A new Economic and Political Hub?

Although the Indo-Pacific region is becoming the new economic and political hub of the world, the geographic maps we are accustomed to viewing do not necessarily fit in the existing political dimensions. Thus, centring the Indo-Pacific may broaden our perspective and help us appreciate how regional alignments have evolved alongside security alliances. The central position of the Indo-Pacific becomes apparent as security and economic competition with China intensifies. Foreign policy strategy of the U.S. has included moving closer to emerging partners like India and Vietnam, strengthening relationships with leading regional partners, including Indonesia, Malaysia, Mongolia, New Zealand, Singapore, Taiwan, and deepening regional treaty alliances with Australia, Japan, South Korea, the Philippines, and Thailand. The U.S. foreign policy needs to adapt to the changing post-war international regime and perhaps develop/accept a complementary role for the surviving bilateral alliances of the U.S. ‘hub and spoke’ system in the Asia-Pacific.

Robert Osgood defines an alliance as a formal agreement that commits states to working together to use their military resources against a particular state or states, and an alliance typically requires one or more signatories to use force or to consider using force (unilaterally or in consultation with allies) in certain situations.[6] The U.S. has not spared in signing military alliances with Asia-Pacific countries and provided the much needed security and guarantee when the Cold War was at its peak. Thus, these countries were able to mobilize their resources for development. Yet, instead of overstretching its capacity and establishing a multilateral structure such as NATO, the U.S. turned to a series of bilateral alliance pacts with regional strategic partners.
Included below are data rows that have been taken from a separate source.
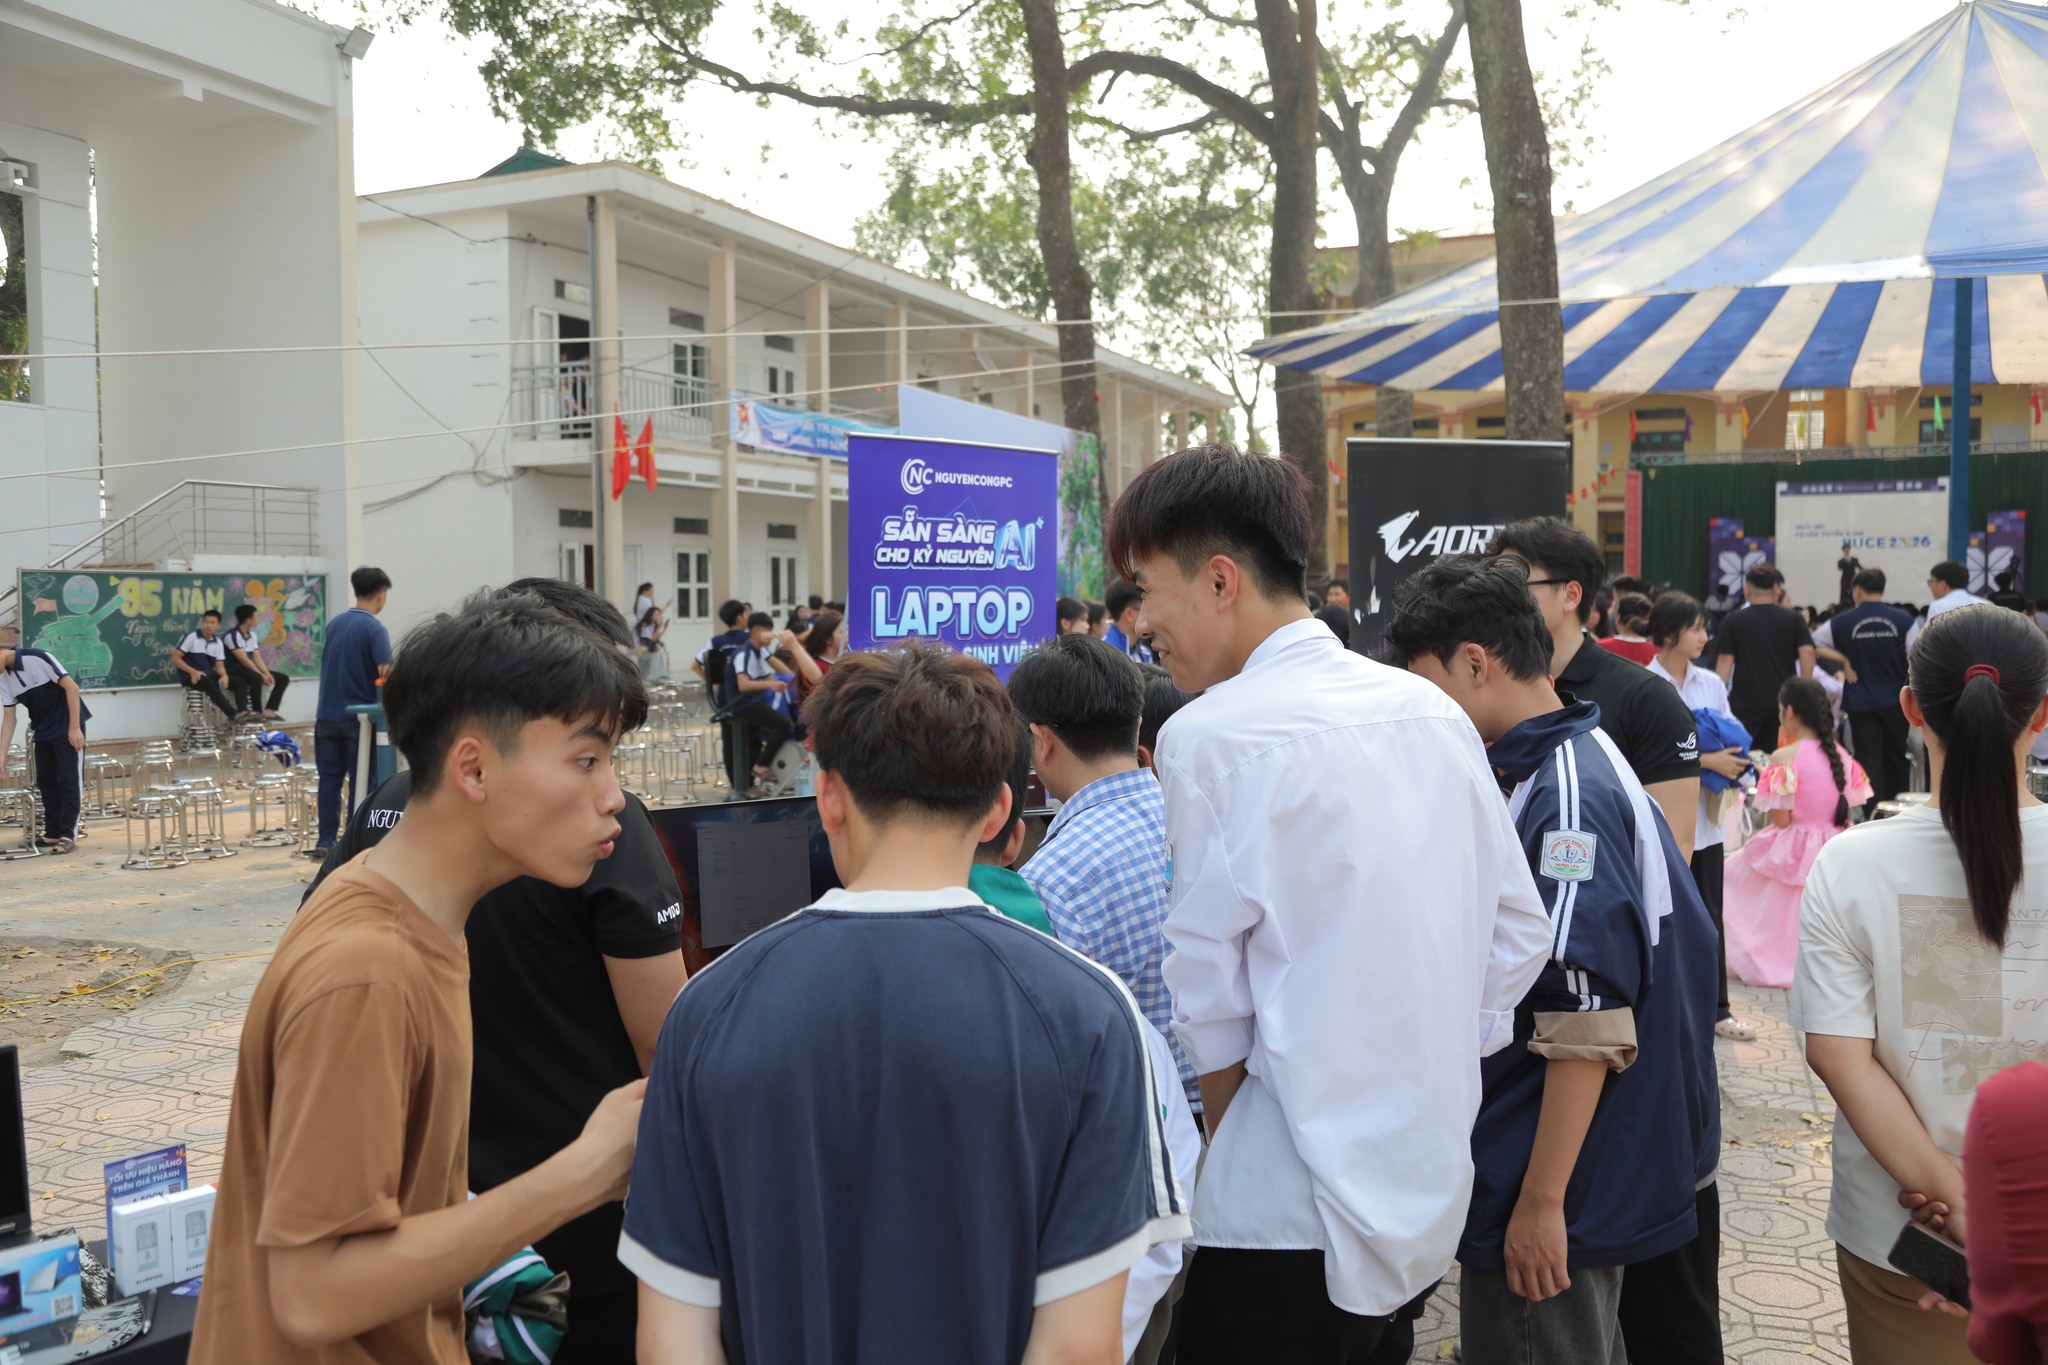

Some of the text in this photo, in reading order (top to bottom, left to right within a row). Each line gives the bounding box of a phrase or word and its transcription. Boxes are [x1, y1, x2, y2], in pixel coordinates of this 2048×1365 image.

[935, 472, 1013, 488] NGUYENCONGPC
[883, 510, 996, 545] SẴN SÀNG
[1411, 525, 1505, 556] AOR
[876, 520, 1036, 571] CHO KỶ NGUYÊN AI
[118, 577, 225, 617] 95 NĂM
[874, 590, 1031, 638] LAPTOP
[963, 646, 999, 665] SINH
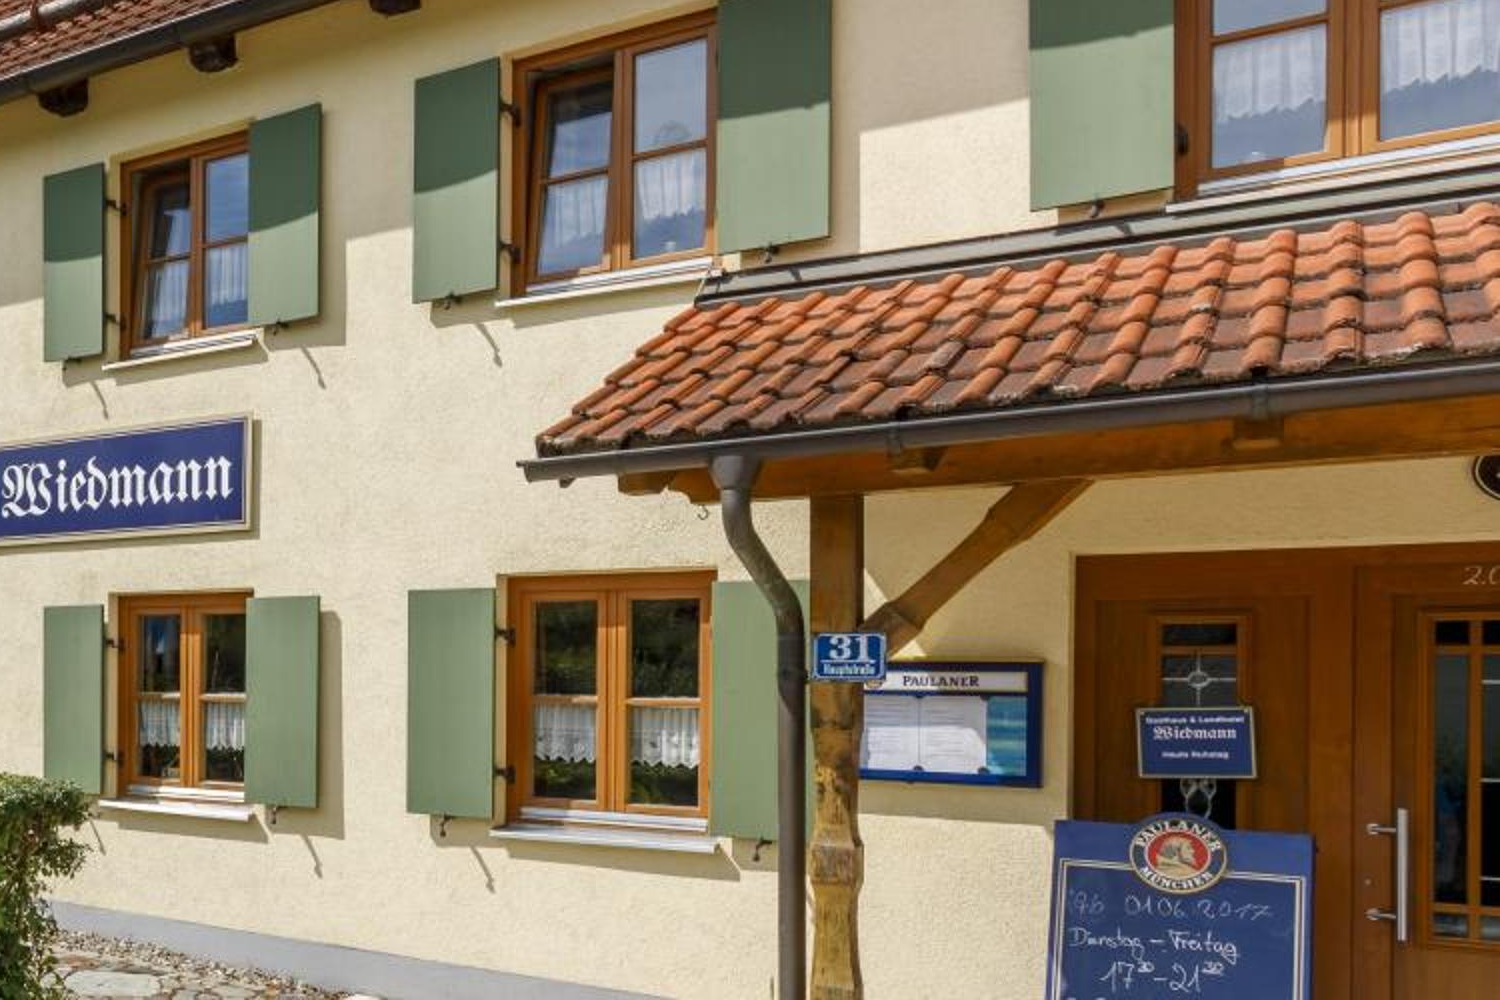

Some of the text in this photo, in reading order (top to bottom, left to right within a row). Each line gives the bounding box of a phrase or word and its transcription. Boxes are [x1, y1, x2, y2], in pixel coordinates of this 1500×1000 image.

[1, 456, 234, 518] Wiedmann
[828, 634, 871, 660] 31
[902, 675, 980, 687] PAULANER
[1153, 726, 1237, 740] Wiedmann
[1134, 820, 1221, 852] PAULANER
[1167, 928, 1239, 965] Freitag
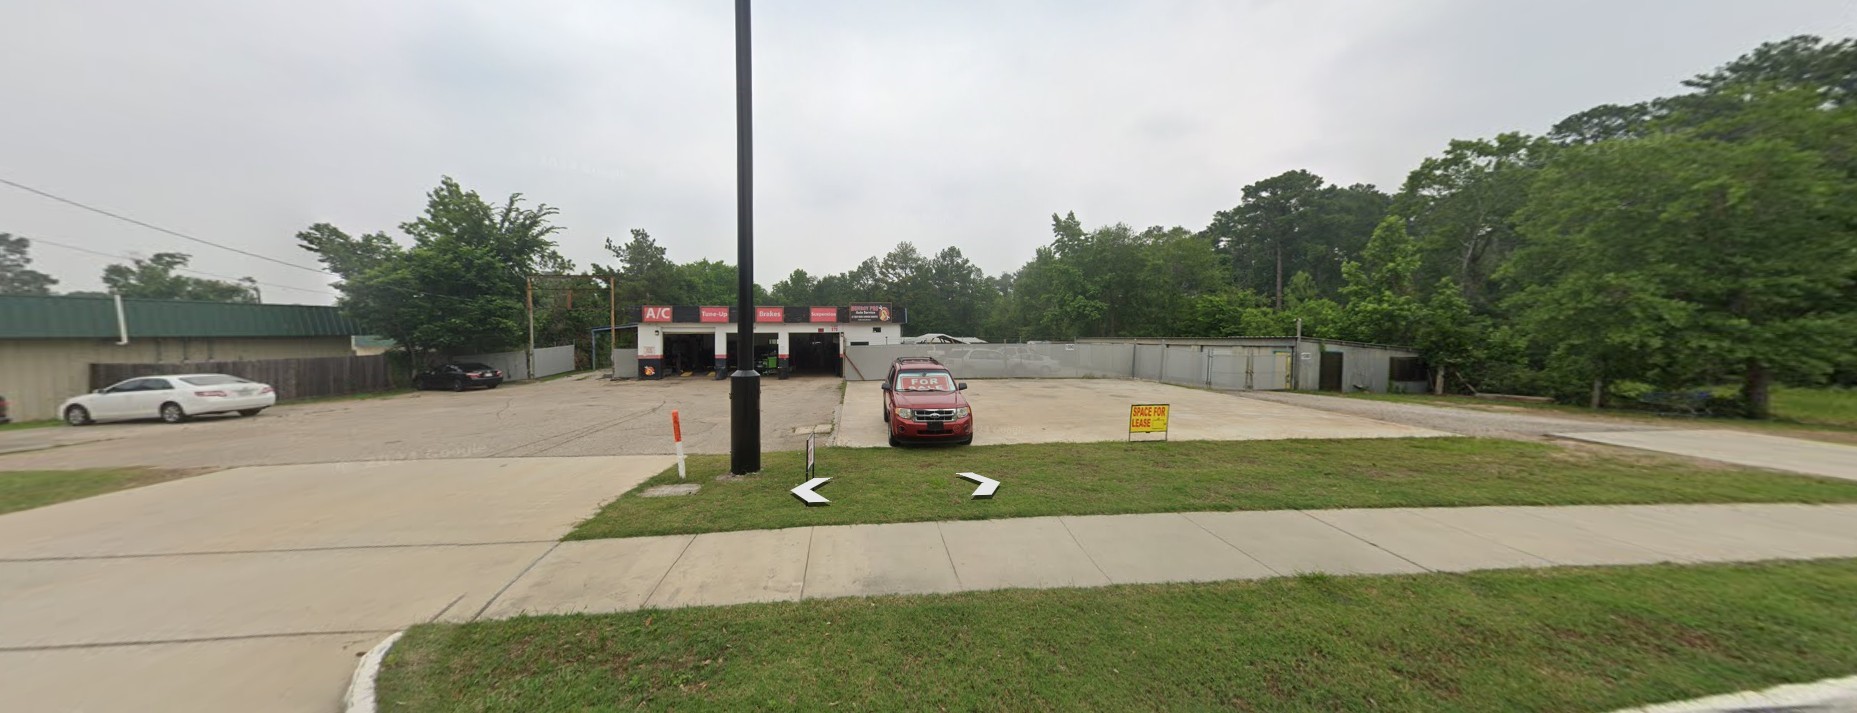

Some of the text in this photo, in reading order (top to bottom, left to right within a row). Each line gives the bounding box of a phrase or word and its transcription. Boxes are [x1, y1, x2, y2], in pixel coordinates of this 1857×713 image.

The U.S. hub-and-spokes system of alliances includes but not confined to the San Francisco Peace Treaty in 1951, which establishes the foundation of the Japan-US alliance and the Australia, New Zealand, United States Treaty (ANZUS) military alliance, which was broken up due to New Zealand’s non-nuclear policy and U.S.-Philippines Mutual Defence Treaty. The U.S. has also signed alliance pacts with South Korea (1953), Thailand (1954), and Taiwan (1954, which would be replaced with Taiwan Relations Act). Strategic partnerships are a loose form of alignment, with a flexible and non-binding nature. The U.S. is also pursuing strategic partnerships with smaller states that are reluctant to sign rigid and binding agreements. This provides the opportunity for the Indo-Pacific countries to mix and match collaborations from different security, economic, and diplomatic alignments. The U.S. hub-and-spokes system of alliances stands as the oldest and the most deeply rooted pillar of three alignment blocs in the Asia-Pacific, with Shanghai Cooperation Organisation (SCO) strategic partnership, and the ASEAN security community. These three blocs of alignments are functional in transforming the regional order and reshaping it through complicated networks. Though the multitude of regional agreements, regimes, and institutions in the Indo-Pacific calls into mind the definition of “noodle-bowl”, it is well adjusted to the multiplicity of needs and quest of regional states and represents the development of a contemporary world of alignments rather than alliances. The U.S.’s call for support to the “war on terror” has temporarily revitalized the U.S. alliance with Asian states. Again the U.S. has been pushing for deeper military integration and security cooperation under the “Free and Open Indo-Pacific” (FOIP) vision to check Chinese assertiveness in the South China Sea and Indian Ocean. Yet, it would be more accurate to call the Trilateral Strategic Dialogue (TSD) process between the U.S., Japan and Australia and India’s participation into the “Quad” process merely “strategic partnerships”, which are the extension of the existing hub-and-spoke system. Since the Trump administration abolished the Trans-Pacific Partnership (TPP) in 2017, the U.S. has done little to fill in the gap and offer a clear, comprehensive regional strategy that goes beyond a strategic partnership confined to the security of an exclusive “club”.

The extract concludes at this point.